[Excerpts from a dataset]

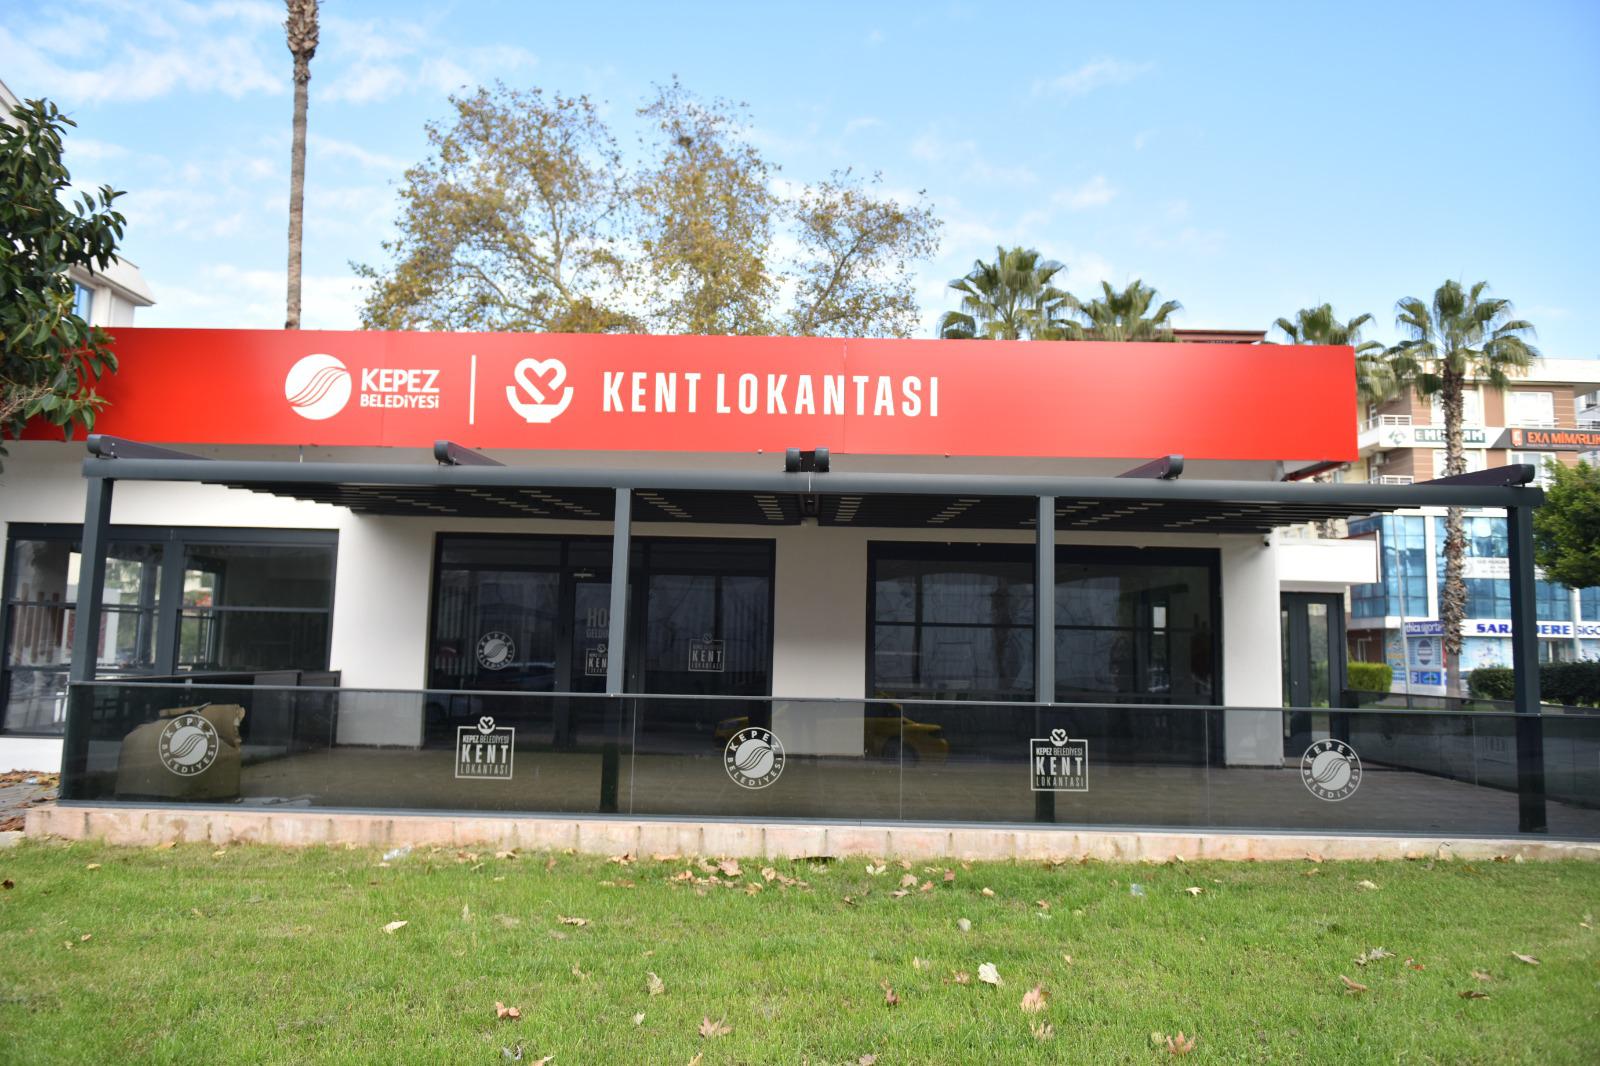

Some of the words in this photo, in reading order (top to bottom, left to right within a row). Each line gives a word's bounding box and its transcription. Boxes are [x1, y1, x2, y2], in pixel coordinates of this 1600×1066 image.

[361, 367, 440, 393] KEPEZ
[602, 371, 701, 413] KENT
[716, 372, 938, 417] LOKANTASI
[1527, 432, 1549, 444] EXA
[692, 650, 722, 662] KENT
[164, 717, 214, 738] KEPEZ
[462, 734, 479, 743] KEPEZ
[730, 730, 780, 751] KEPEZ
[461, 744, 509, 764] KENT
[1035, 747, 1052, 756] KEPEZ
[1305, 741, 1356, 764] KEPEZ
[460, 764, 508, 775] LOKANTASI
[1036, 756, 1083, 776] KENT
[1036, 776, 1084, 787] LOKANTASI

## Required work
Leave the pictures aside and give the records above back word for word.

## Response
Some of the words in this photo, in reading order (top to bottom, left to right within a row). Each line gives a word's bounding box and its transcription. Boxes are [x1, y1, x2, y2], in pixel coordinates of this 1600×1066 image.

[361, 367, 440, 393] KEPEZ
[602, 371, 701, 413] KENT
[716, 372, 938, 417] LOKANTASI
[1527, 432, 1549, 444] EXA
[692, 650, 722, 662] KENT
[164, 717, 214, 738] KEPEZ
[462, 734, 479, 743] KEPEZ
[730, 730, 780, 751] KEPEZ
[461, 744, 509, 764] KENT
[1035, 747, 1052, 756] KEPEZ
[1305, 741, 1356, 764] KEPEZ
[460, 764, 508, 775] LOKANTASI
[1036, 756, 1083, 776] KENT
[1036, 776, 1084, 787] LOKANTASI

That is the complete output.